I miei primi ricordi politici, dunque, risalgano al periodo di tangentopoli. Ho sempre pensato male di Craxi. A Napoli, nella mia città, il leader socialista veniva definito “l’omm e’ nient” ovvero l’uomo di poco conto. Solo più tardi, con lo studio personale, ho compreso che la “vicenda craxiana” è più complessa di quella che mi appariva. Soprattutto mi propinavano, in taluni ambienti formativi, una cultura tutta incentrata alla denigrazione politica ed umana di Craxi, le cui vicende giudiziarie, ma prima di tutto la cui storia politica, meritano oggi una lettura più complessa. Craxi ha incarnato un mal costume della politica italiana che senz’altro doveva essere eliminato ma non è stato certo il solo a ricorrere alla pratica del finanziamento illecito o “illegale” del partito, come lui stesso pronunciò nel famoso discorso alla Camera nel 1992.

Il PSI, il suo segretario e i suoi massimi esponenti hanno pagato di più rispetto agli altri partiti: questo non si può negare. Uno zelo persecutorio contro Craxi e i socialisti che non trova spiegazioni logiche (ribadisco: lo zelo e la persecuzione, non di certo i capi d’accusa che erano assolutamente fondati), se non l’adempimento di una logica politica che mirava alla distruzione di simboli, partiti e protagonisti della prima Repubblica, uno zelo venuto meno, però, quando si è trattato di indagare sul PCI che riceveva oscuri finanziamenti dall’URSS. In un tentativo di ristabilire dunque la verità storica va chiarito, prima di ogni cosa, questa enorme bufala della latitanza, sulla quale tra l’altro è basato oggi il teorema dell’anticraxsismo militante di matrice dipietrista e non solo.

Craxi è stato un rifugiato politico, che ha trovato ospitalità in Tunisia, un paese amico dell’Italia, perché oggetto di una persecuzione giudiziaria.
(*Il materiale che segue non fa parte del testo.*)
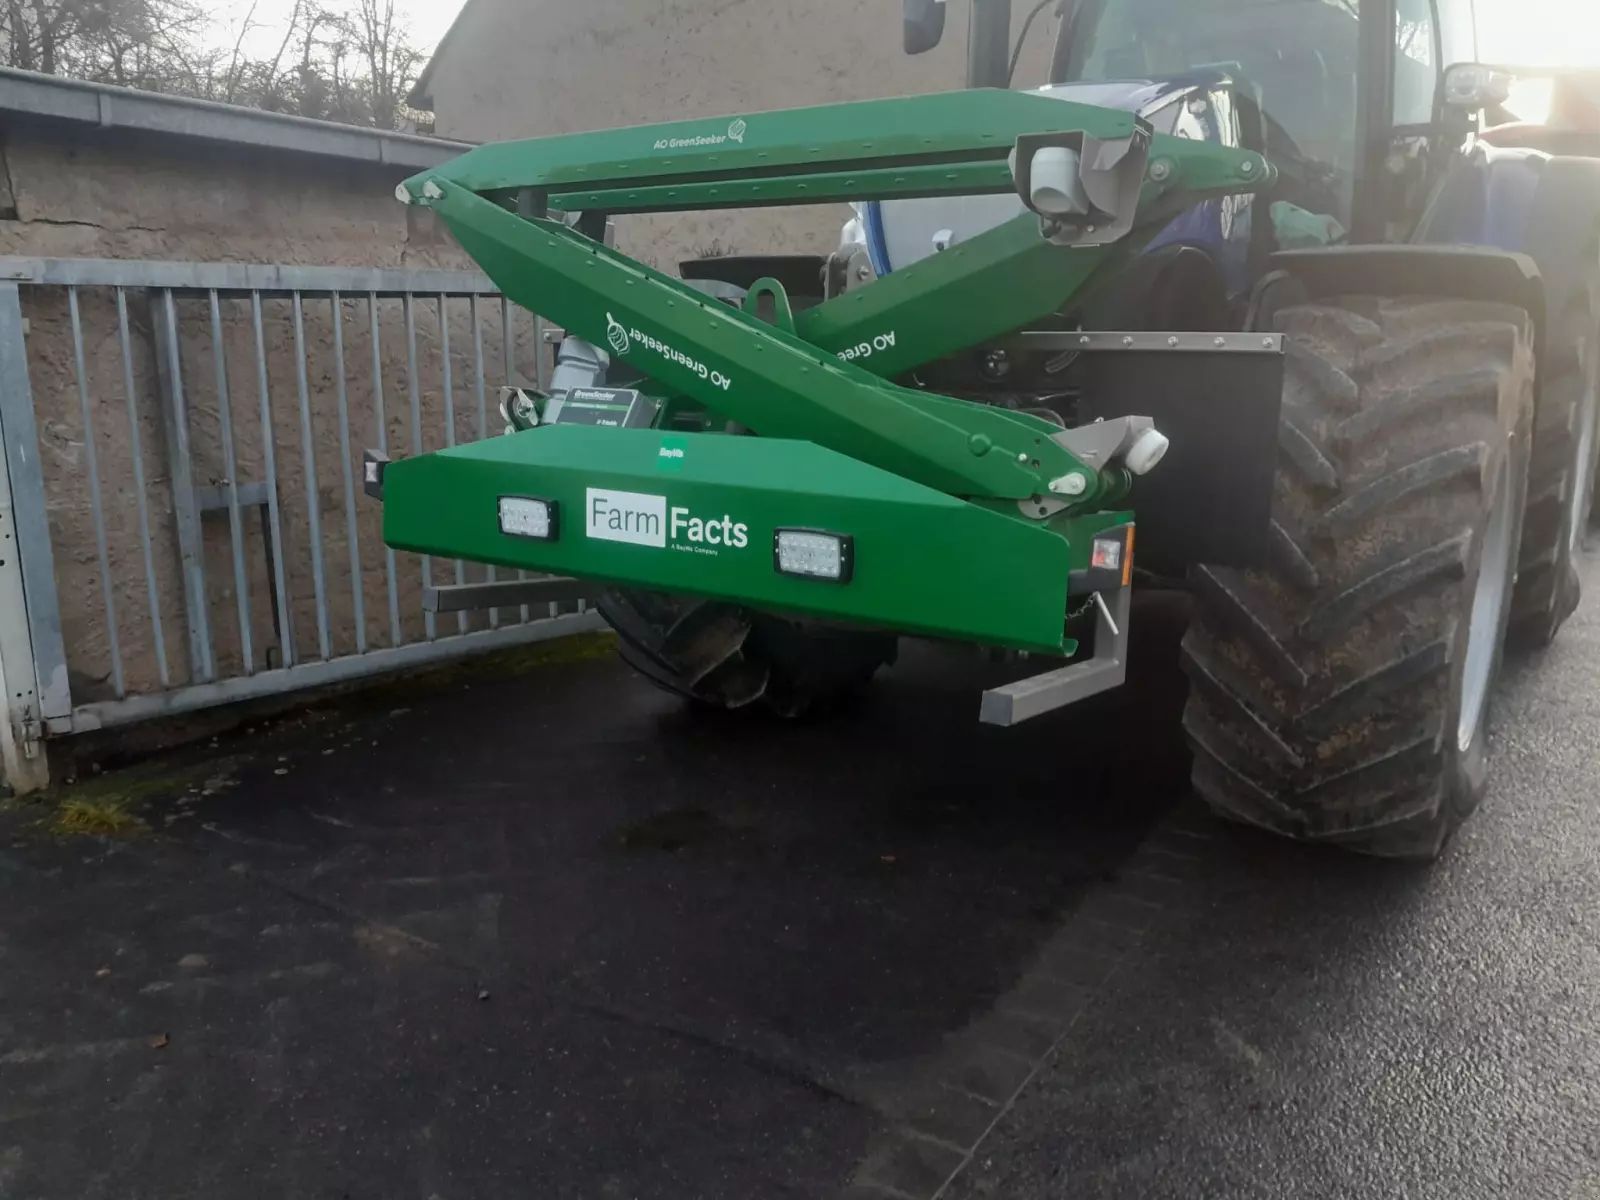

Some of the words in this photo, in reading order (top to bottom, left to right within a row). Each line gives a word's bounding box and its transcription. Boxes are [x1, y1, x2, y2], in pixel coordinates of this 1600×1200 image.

[653, 139, 669, 150] AO
[669, 134, 727, 148] GreenSeeker
[873, 330, 896, 350] AO
[628, 327, 708, 379] GreenSeeker
[710, 370, 731, 390] AO
[592, 497, 660, 535] Farm
[671, 506, 748, 548] Facts
[694, 546, 718, 556] Company
Questa è storia. Se fosse stato un latitante, le forze dell’ordine avrebbero dovuto raggiungere Craxi ovunque si trovasse. 

Pensandoci, a volte, mi rendo conto delle enormi contraddizioni che esistono nel nostro paese. Le cronache giornalistiche ogni giorno ci informano di assassini scarcerati e pene irrisorie per reati gravissimi però abbiamo lasciato che Craxi restasse in esilio in Tunisia.

Certo è morto ad Hammamet per sua volontà ma il clima in Italia nei suoi confronti è stato simile a quello promosso dai giacobini nei confronti dell’aristocrazia al tempo della Rivoluzione francese. Accusato del più noto dei peccati politici, quello della ruberia, Craxi ha avuto anche grandi colpe ma non meno rispetto a quelle di molti altri: il punto è che doveva essere processato e bandito il sistema non il personaggio.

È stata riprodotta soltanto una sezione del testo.